Além disso, o princípio do poluidor-pagador também pode ser entendido como impondo ao poluidor a obrigação de arcar com os custos decorrentes das medidas de prevenção, remediação e supressão da poluição, e como resultado, desta forma, inclui também os custos de proteção ambiental. proteção em geral. O principal objectivo do princípio do poluidor-pagador é garantir que os custos das medidas ambientais – externalidades ambientais – se reflectem nos custos finais dos produtos e serviços cuja produção é fonte de actividade poluente. Sem dúvida também no que diz respeito à causa do meio ambiente, o fato de ele suportar de alguma forma a perda reduz a probabilidade de adoção de práticas prejudiciais à comunidade.
A valorização ambiental é assim fundamental na sociedade, onde veremos a seguir a reparação ambiental como um ponto de grande importância para o meio ambiente.
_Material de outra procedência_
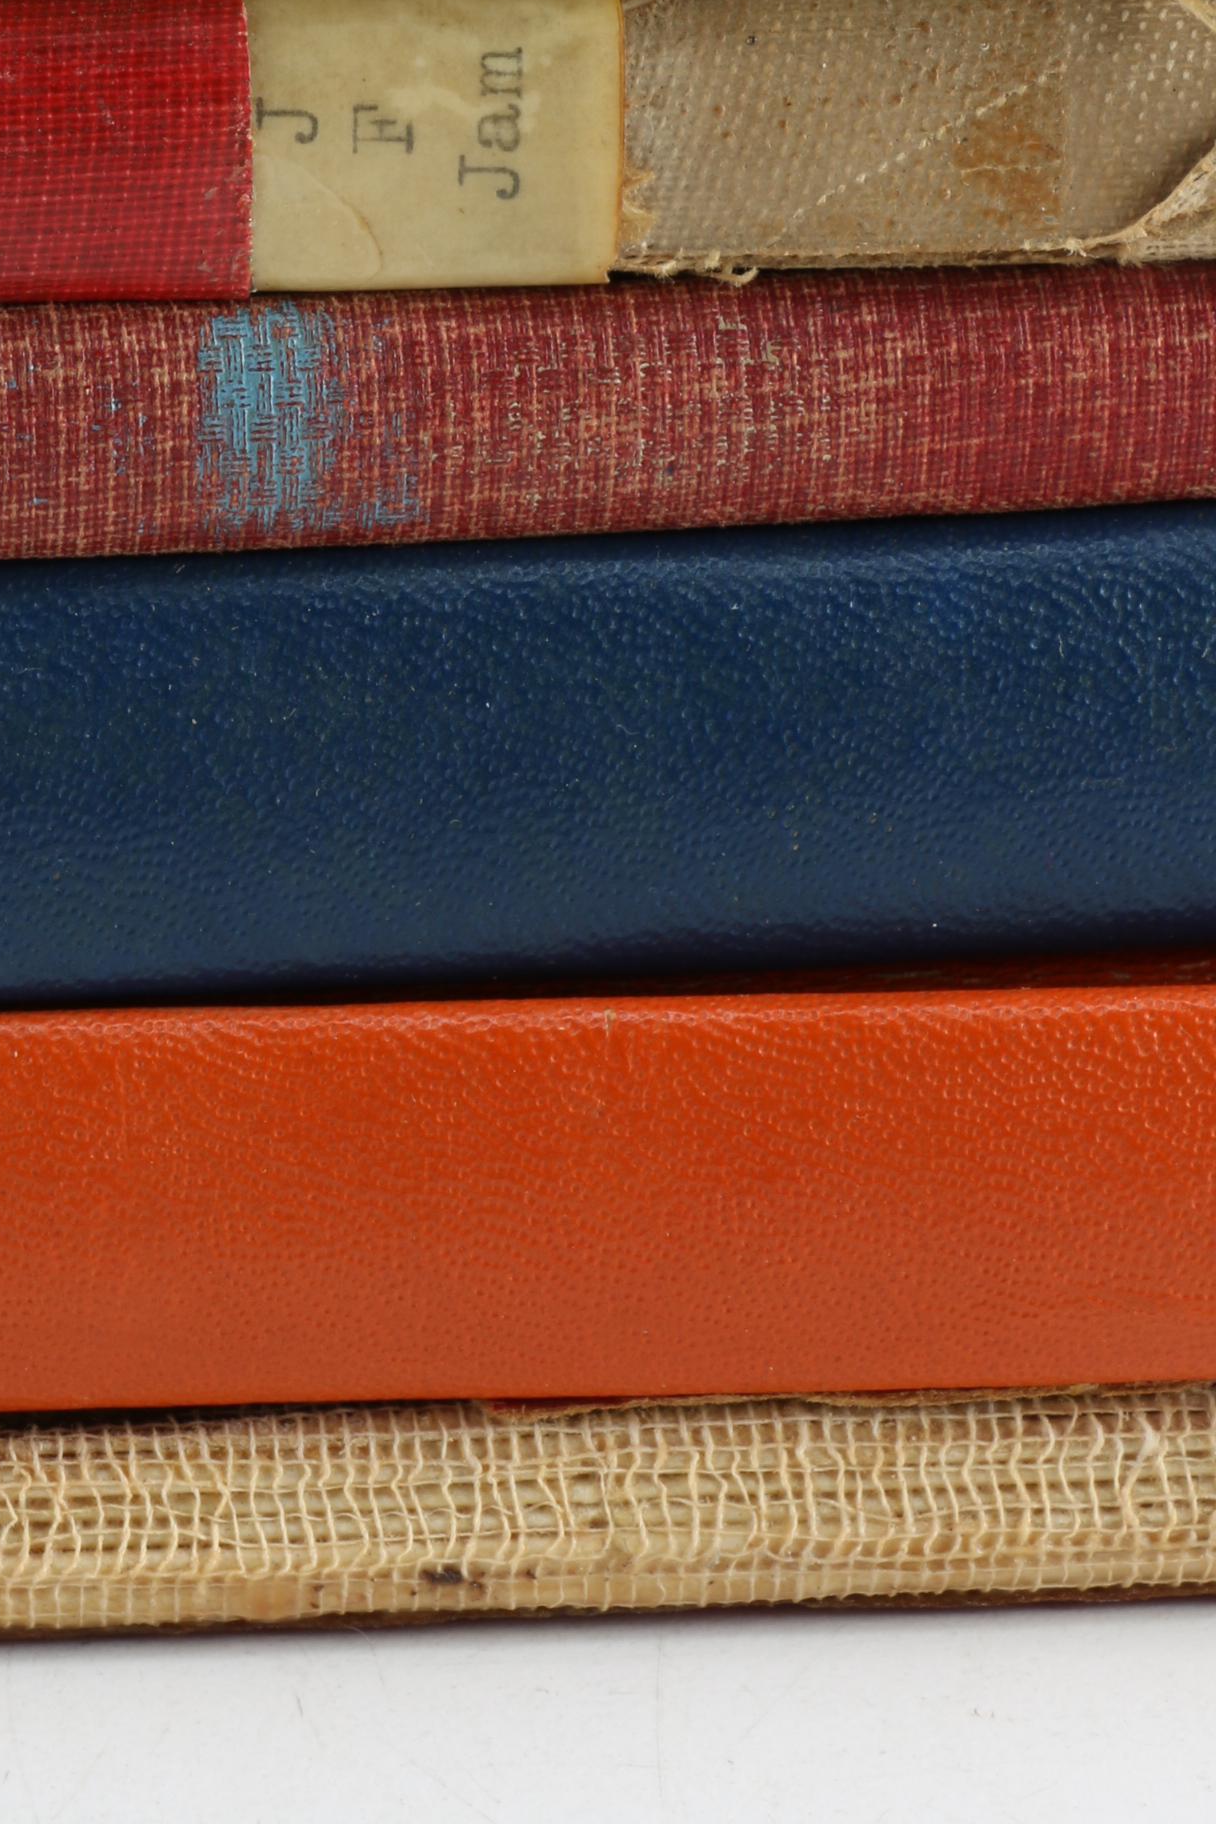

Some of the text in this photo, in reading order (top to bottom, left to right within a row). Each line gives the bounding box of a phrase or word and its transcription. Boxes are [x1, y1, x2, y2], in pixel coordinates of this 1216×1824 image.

[255, 97, 319, 145] J
[352, 104, 414, 154] F
[458, 46, 523, 200] Jam
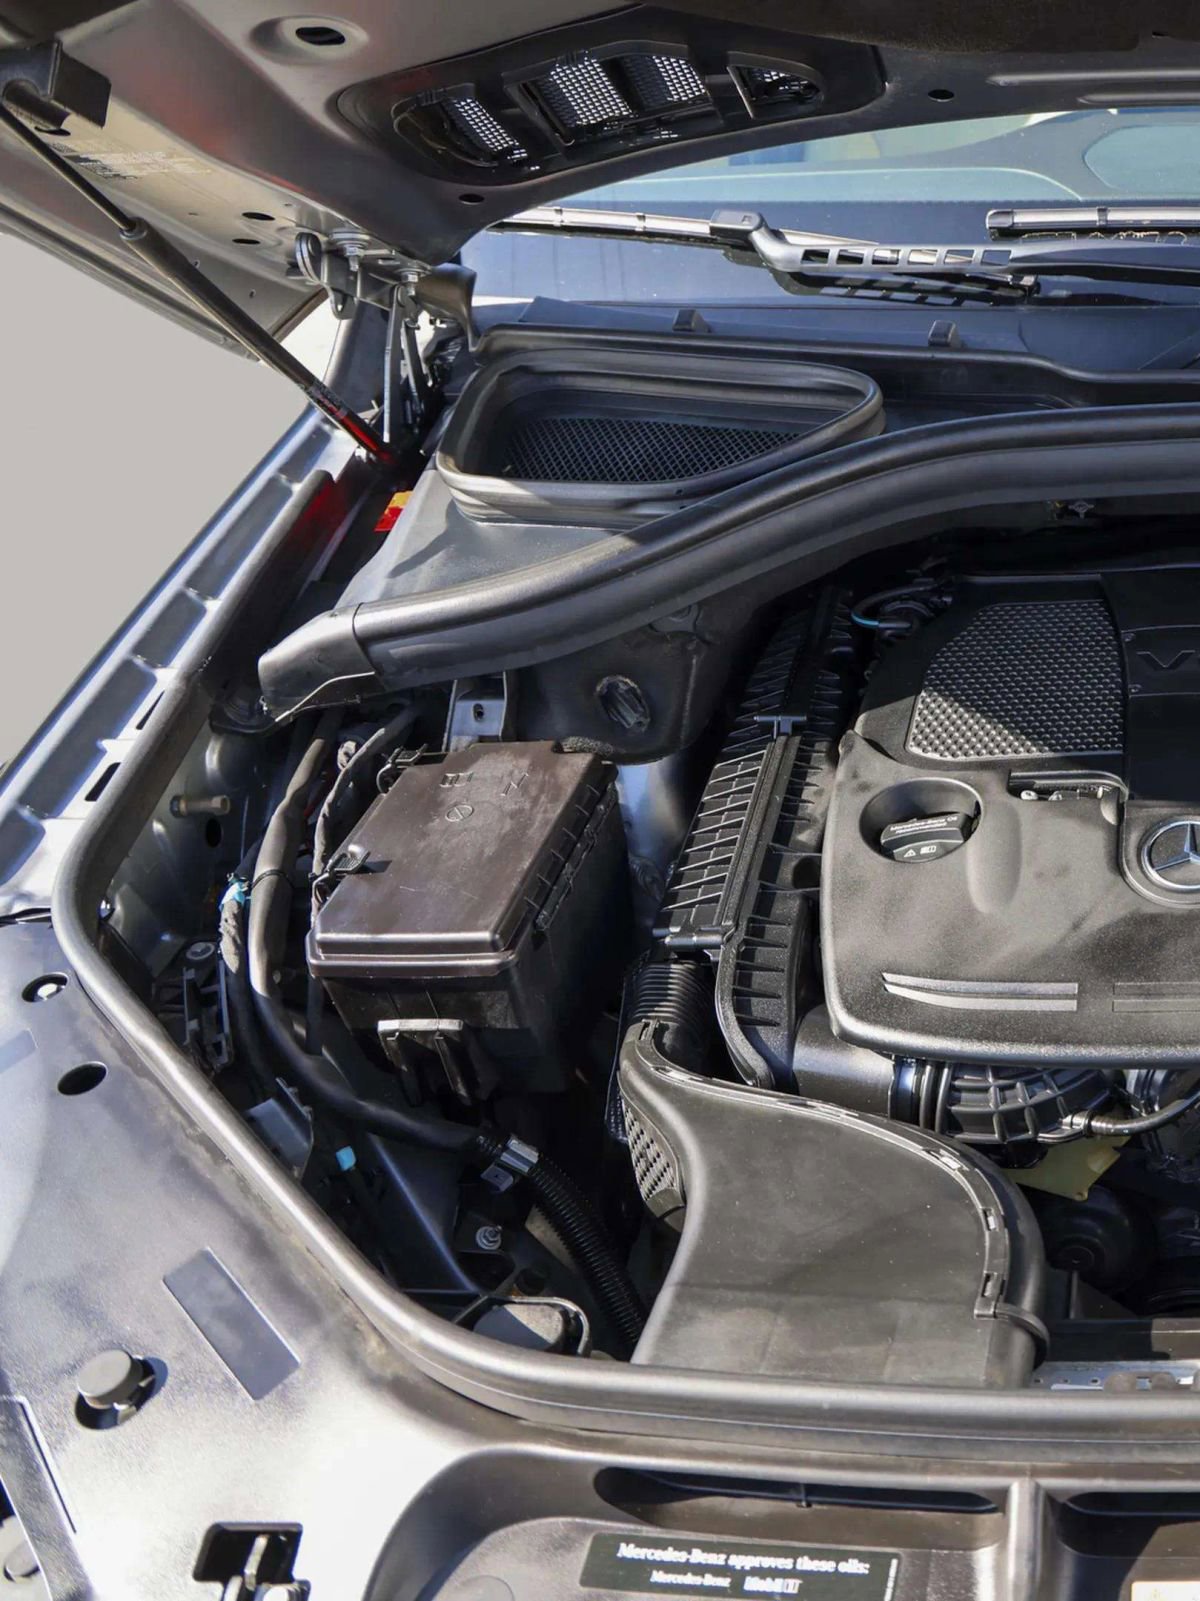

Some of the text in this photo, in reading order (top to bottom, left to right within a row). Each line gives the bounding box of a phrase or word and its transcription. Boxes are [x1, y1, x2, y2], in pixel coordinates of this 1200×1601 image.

- M ODALIDADES DE R EAPARAÇÃO
- R ESTAURAÇÃO N ATURAL
- C OMPENSAÇÃO E COLÓGICA
- P ARÂMETROS PARA C OMPENSAÇÃO E COLÓGICA
- R EPARAÇÃO INTEGRAL DO D ANO A MBIENTAL
Infelizmente, parte da doutrina sustenta que qualquer critério para reparar danos ambientais é falho ou inadequado, impedindo que este objectivo seja plenamente alcançado.” Neste contexto, o sistema de compensação por danos ambientais baseia-se, entre outras coisas, no princípio da conservação da natureza e, como tal, exige que as sanções no direito ambiental tenham como principal objectivo a restauração, reabilitação e substituição de activos ambientais. 99. Esta abstinência destina-se a suprimir atividades prejudiciais e não a reparar o dano em si.105.
A principal opção para a responsabilidade civil não é a reparação justa à vítima, mas a preservação dos danos ecológicos e a reintegração dos bens ambientais danificados.106. Os pontos positivos da compensação monetária são a segurança das penalidades civis e uma função compensatória pelos danos ambientais. Por meio do sistema de compensação ambiental, via ações civis públicas, os valores arrecadados em decorrência de danos ao meio ambiente são depositados em um fundo denominado fundos de reconstituição de bens danificados e são destinados, em última instância, à compensação ecológica.
A compensação ecológica, além da restauração natural, é uma forma de reparação dos danos ambientais e pode ser classificada como tal. No entanto, existem enormes dificuldades na determinação da compensação por danos ambientais, devido a obstáculos na avaliação económica dos activos ambientais e na sua difícil substituição124. Esta dificuldade financeira torna desejável a introdução do seguro como mecanismo auxiliar à reparação integral dos danos ambientais.
No direito ambiental internacional, existem regras para a adoção de seguros como mecanismos para garantir a compensação por danos ambientais. Acredita-se que o seguro de responsabilidade civil é um mecanismo que limita a plena possibilidade de reparação de danos ambientais, e haverá espaço para uma série de condições de compensação pelo ambiente, impostas por reembolsos de companhias de seguros.131. No seu primeiro capítulo, a intenção principal foi transmitir uma noção inicial de meio ambiente, patrimônio ambiental e também apresentar os princípios básicos da questão dos danos ambientais, patrimoniais e não patrimoniais.